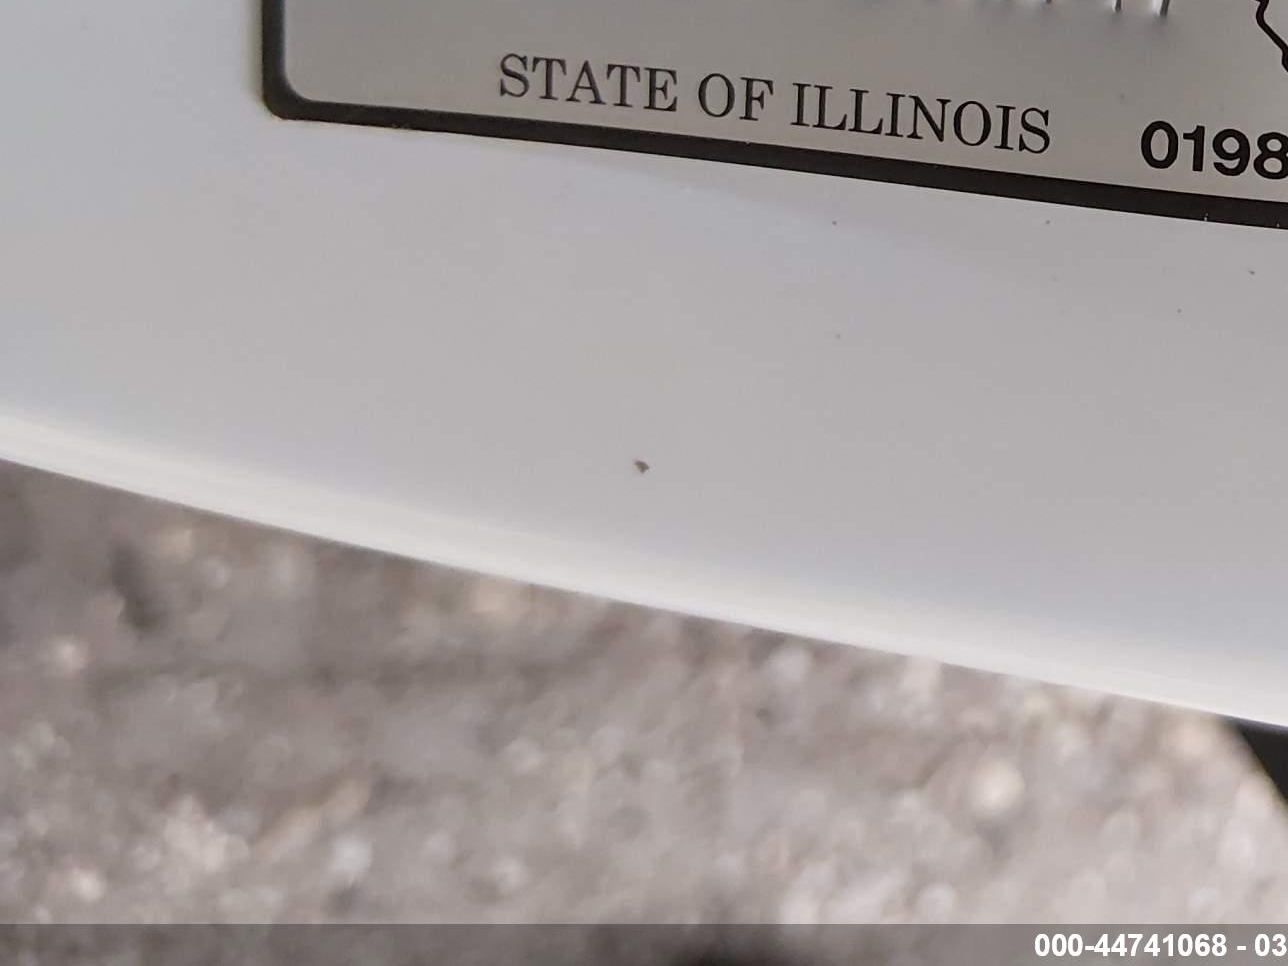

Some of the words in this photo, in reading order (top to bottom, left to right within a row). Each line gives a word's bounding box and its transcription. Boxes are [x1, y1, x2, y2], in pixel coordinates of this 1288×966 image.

[499, 52, 678, 113] STATE
[697, 72, 774, 122] OF
[789, 82, 1051, 155] ILLINOIS
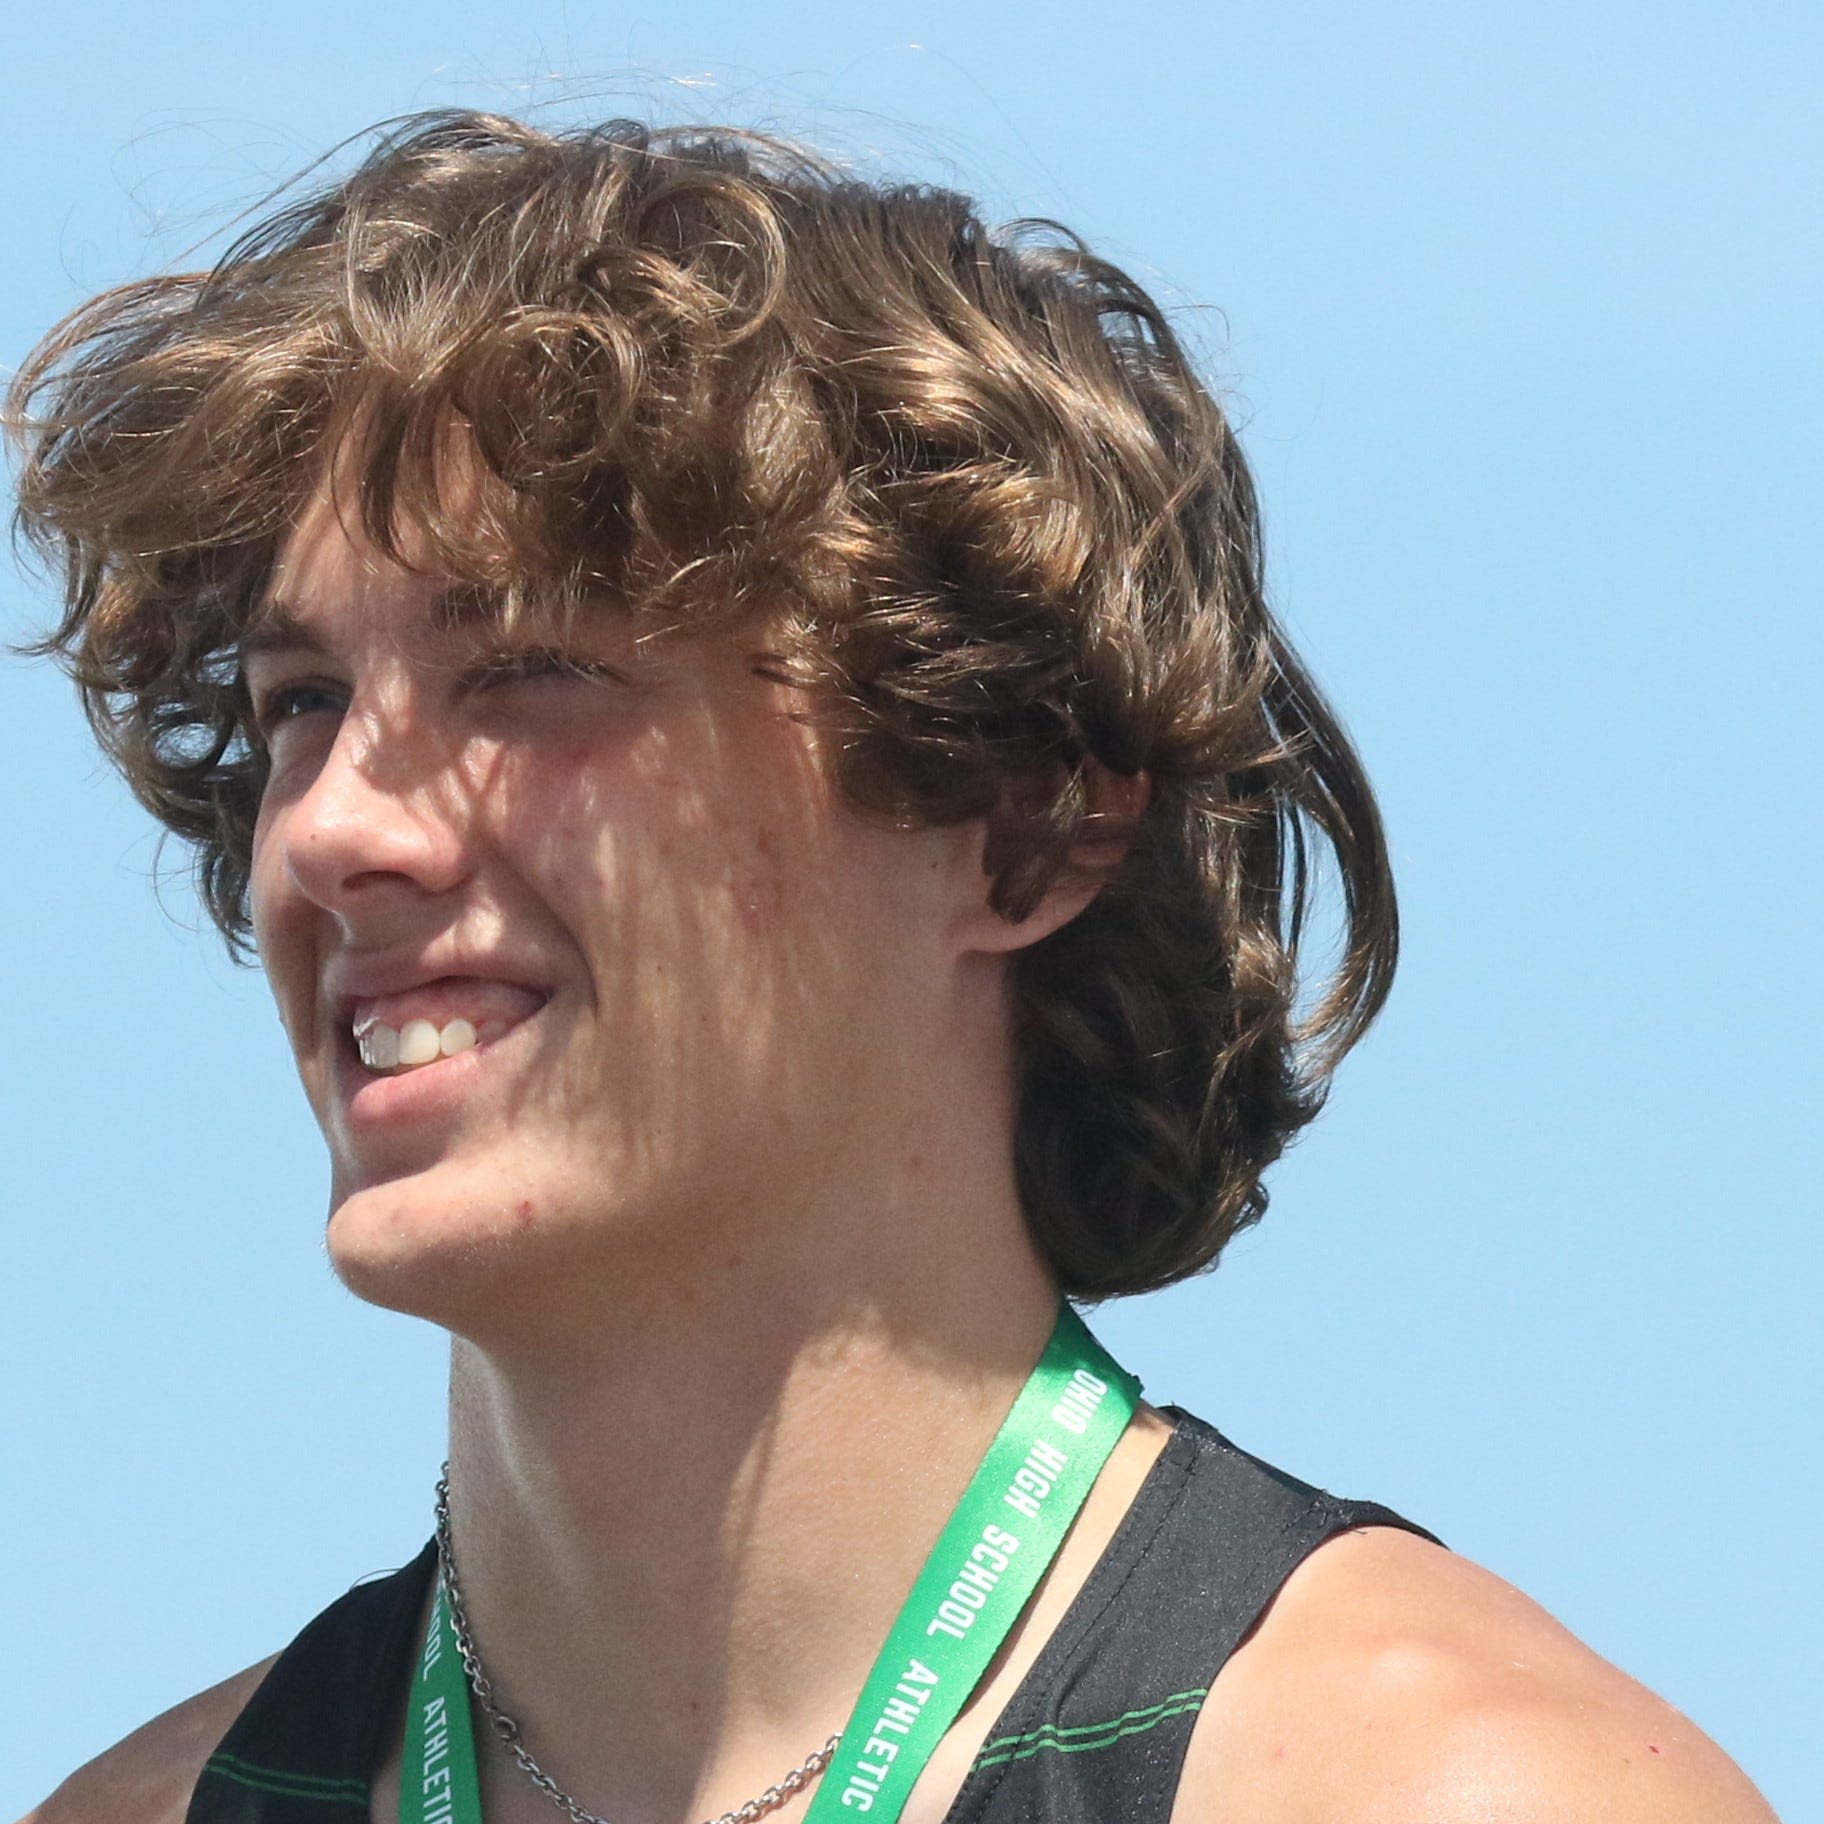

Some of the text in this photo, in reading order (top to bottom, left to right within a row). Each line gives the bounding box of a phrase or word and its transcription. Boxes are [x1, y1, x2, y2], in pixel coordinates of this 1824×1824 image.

[1048, 1367, 1108, 1437] OHIO
[1002, 1441, 1069, 1519] HIGH
[926, 1523, 1019, 1642] SCHOOL
[840, 1657, 942, 1814] ATHLETIC

________

Assigned task.
Recopy the full listing exactly, passing over any picture.

Result of this task.
Some of the words in this photo, in reading order (top to bottom, left to right within a row). Each line gives a word's bounding box and its transcription. Boxes are [x1, y1, x2, y2], in pixel coordinates of this 1288×966 image.

[499, 52, 678, 113] STATE
[697, 72, 774, 122] OF
[789, 82, 1051, 155] ILLINOIS

Some of the text in this photo, in reading order (top to bottom, left to right within a row). Each line gives the bounding box of a phrase or word and its transcription. Boxes are [x1, y1, x2, y2], in pixel coordinates of this 1824×1824 image.

[1048, 1367, 1108, 1437] OHIO
[1002, 1441, 1069, 1519] HIGH
[926, 1523, 1019, 1642] SCHOOL
[840, 1657, 942, 1814] ATHLETIC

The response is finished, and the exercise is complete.